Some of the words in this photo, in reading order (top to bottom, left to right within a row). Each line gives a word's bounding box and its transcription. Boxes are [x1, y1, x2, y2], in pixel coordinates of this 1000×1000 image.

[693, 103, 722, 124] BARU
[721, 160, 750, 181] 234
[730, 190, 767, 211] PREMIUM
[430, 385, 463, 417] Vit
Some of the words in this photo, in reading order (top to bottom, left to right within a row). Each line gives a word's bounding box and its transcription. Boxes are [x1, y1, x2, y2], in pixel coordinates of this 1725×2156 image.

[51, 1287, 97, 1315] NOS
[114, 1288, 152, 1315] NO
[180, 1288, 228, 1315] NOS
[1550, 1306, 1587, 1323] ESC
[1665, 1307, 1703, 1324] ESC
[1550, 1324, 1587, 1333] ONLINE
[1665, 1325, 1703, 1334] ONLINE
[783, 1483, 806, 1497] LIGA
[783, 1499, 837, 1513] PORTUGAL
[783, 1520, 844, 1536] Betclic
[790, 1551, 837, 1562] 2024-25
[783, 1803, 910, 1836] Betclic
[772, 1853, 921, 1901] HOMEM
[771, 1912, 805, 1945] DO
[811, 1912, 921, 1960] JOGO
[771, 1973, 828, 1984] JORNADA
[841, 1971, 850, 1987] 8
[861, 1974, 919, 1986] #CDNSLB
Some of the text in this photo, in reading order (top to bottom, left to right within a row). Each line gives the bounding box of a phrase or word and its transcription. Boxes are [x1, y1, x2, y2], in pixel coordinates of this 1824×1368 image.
════
* Problem requirements *
Write out all the material exactly, keeping each word.

* Solved problem *
Some of the words in this photo, in reading order (top to bottom, left to right within a row). Each line gives a word's bounding box and its transcription. Boxes are [x1, y1, x2, y2], in pixel coordinates of this 1000×1000 image.

[693, 103, 722, 124] BARU
[721, 160, 750, 181] 234
[730, 190, 767, 211] PREMIUM
[430, 385, 463, 417] Vit
Some of the words in this photo, in reading order (top to bottom, left to right within a row). Each line gives a word's bounding box and its transcription. Boxes are [x1, y1, x2, y2], in pixel coordinates of this 1725×2156 image.

[51, 1287, 97, 1315] NOS
[114, 1288, 152, 1315] NO
[180, 1288, 228, 1315] NOS
[1550, 1306, 1587, 1323] ESC
[1665, 1307, 1703, 1324] ESC
[1550, 1324, 1587, 1333] ONLINE
[1665, 1325, 1703, 1334] ONLINE
[783, 1483, 806, 1497] LIGA
[783, 1499, 837, 1513] PORTUGAL
[783, 1520, 844, 1536] Betclic
[790, 1551, 837, 1562] 2024-25
[783, 1803, 910, 1836] Betclic
[772, 1853, 921, 1901] HOMEM
[771, 1912, 805, 1945] DO
[811, 1912, 921, 1960] JOGO
[771, 1973, 828, 1984] JORNADA
[841, 1971, 850, 1987] 8
[861, 1974, 919, 1986] #CDNSLB
Some of the text in this photo, in reading order (top to bottom, left to right within a row). Each line gives the bounding box of a phrase or word and its transcription. Boxes are [x1, y1, x2, y2], in pixel coordinates of this 1824×1368 image.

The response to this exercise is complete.